— Task requirements —
Below is a set of records, and all of them should be retyped exactly, minus the pictures.

— Exercise data —
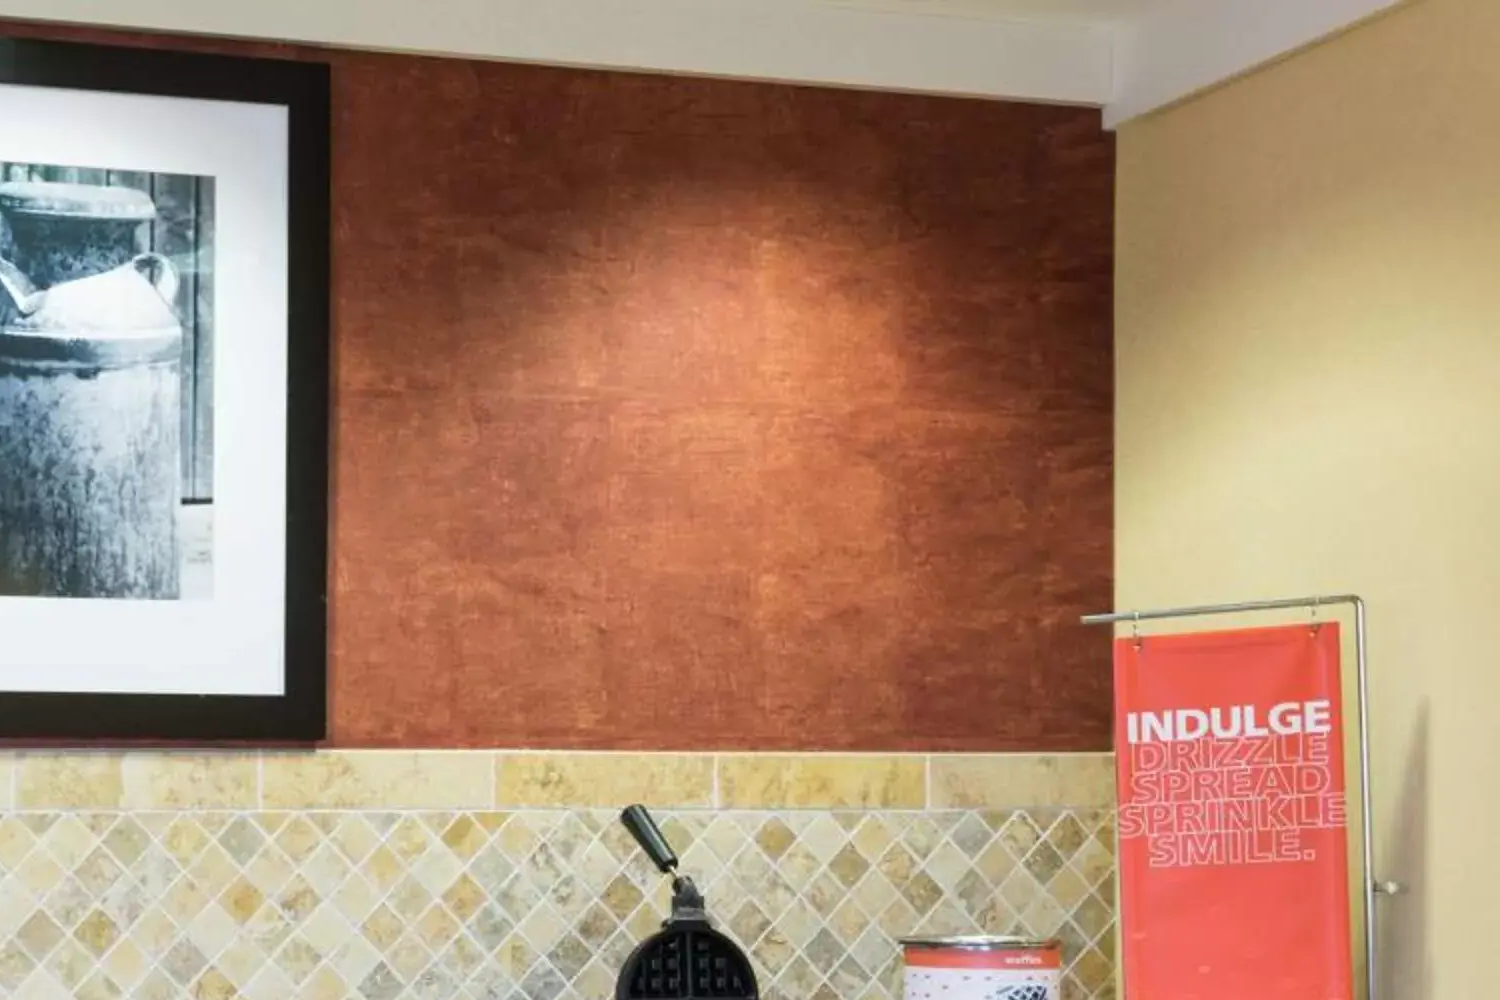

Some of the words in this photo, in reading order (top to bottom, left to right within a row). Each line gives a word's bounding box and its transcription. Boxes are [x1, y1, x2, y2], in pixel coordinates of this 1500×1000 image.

[1126, 700, 1332, 744] INDULGE
[1131, 732, 1329, 774] DRIZZLE
[1131, 763, 1331, 805] SPREAD
[1118, 792, 1348, 839] SPRINKLE
[1149, 827, 1316, 867] SMILE.
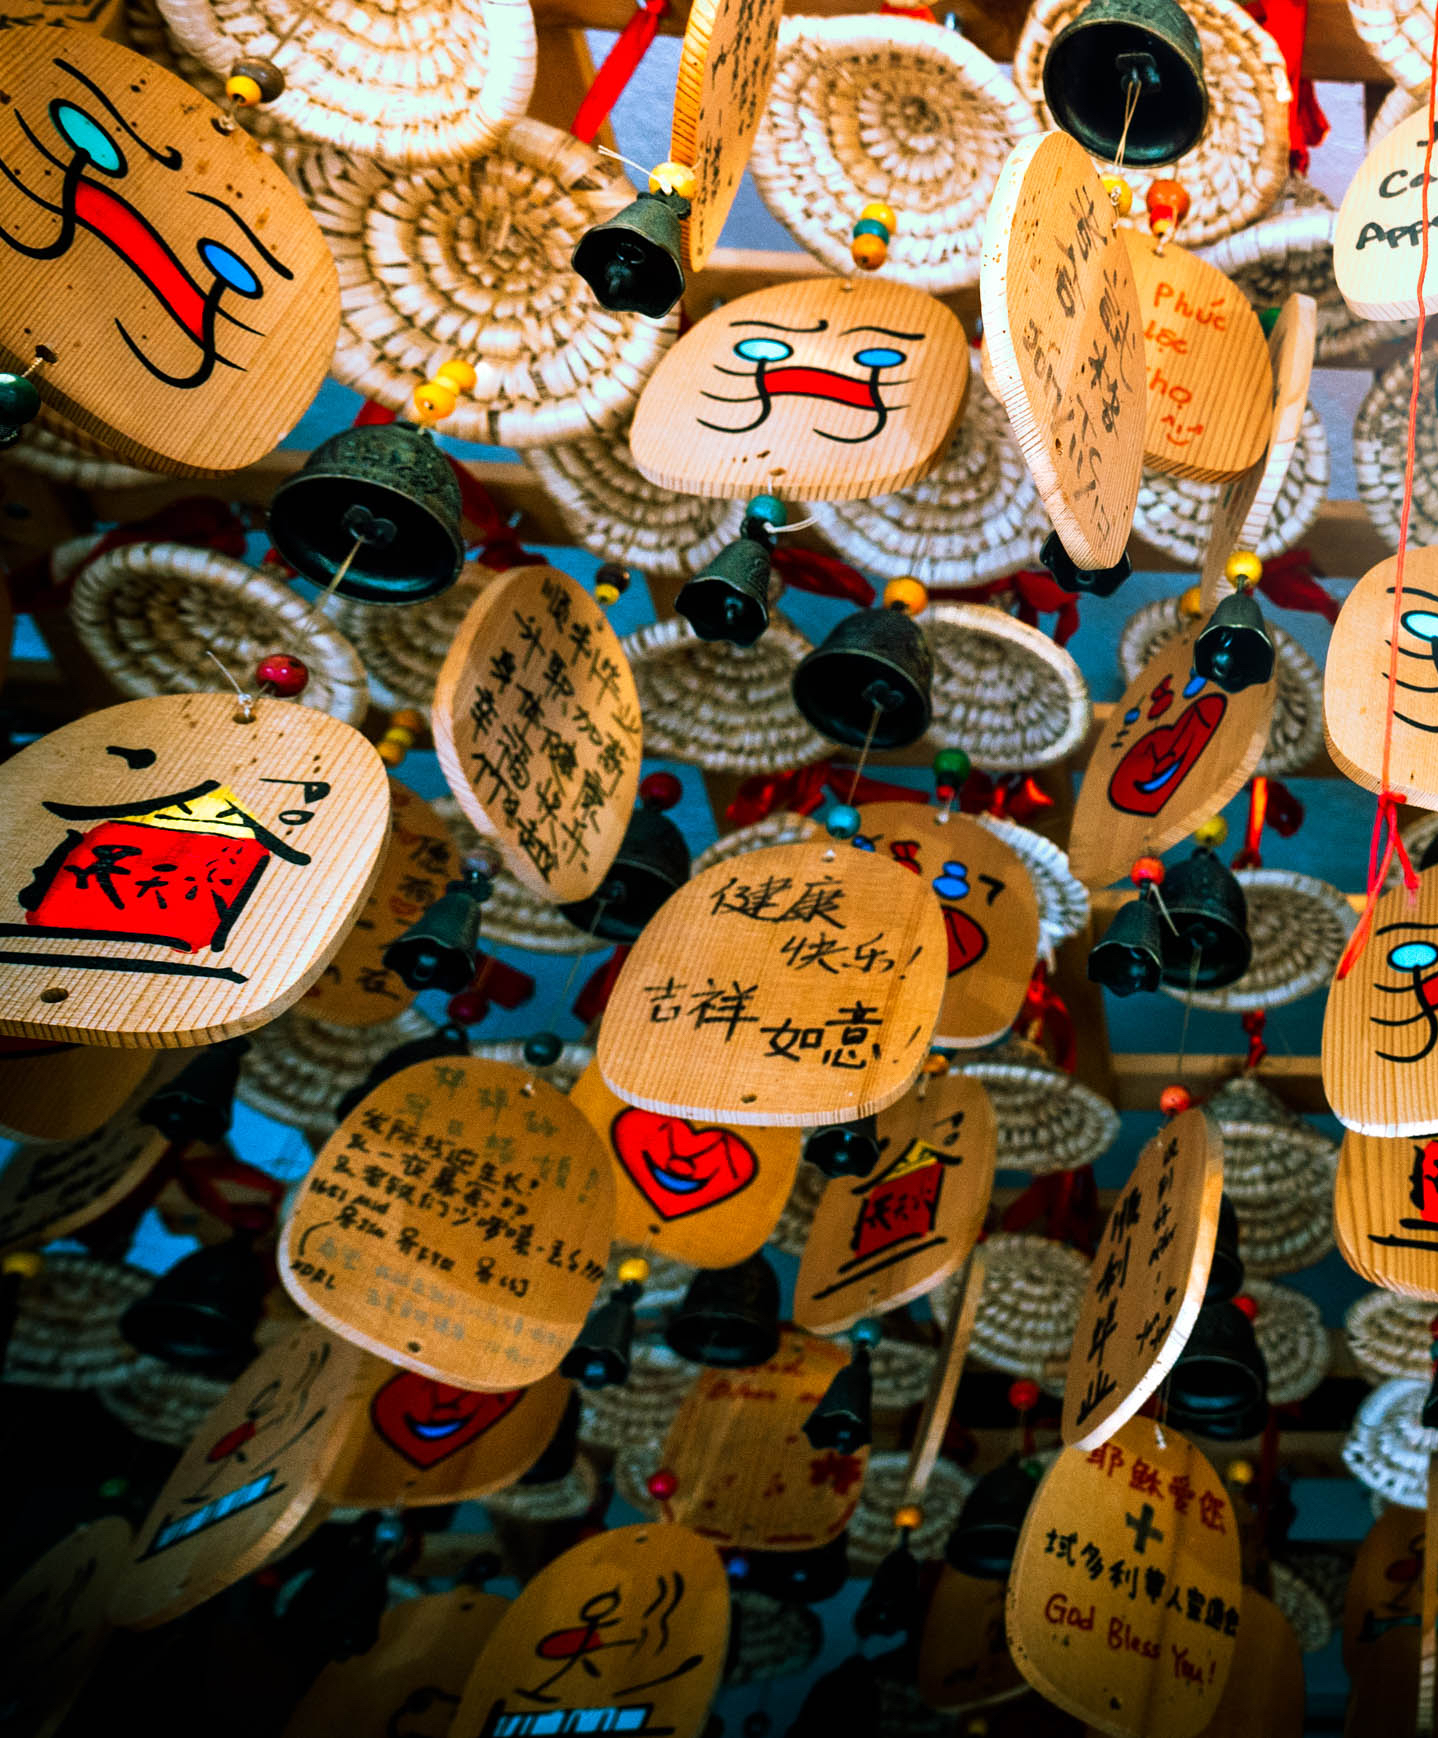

— Answer space —
Some of the words in this photo, in reading order (top to bottom, left to right within a row). Each line gives a word's bounding box and its transcription. Boxes are [x1, y1, x2, y2], in pixel coordinates of this 1500×1000 image.

[1126, 700, 1332, 744] INDULGE
[1131, 732, 1329, 774] DRIZZLE
[1131, 763, 1331, 805] SPREAD
[1118, 792, 1348, 839] SPRINKLE
[1149, 827, 1316, 867] SMILE.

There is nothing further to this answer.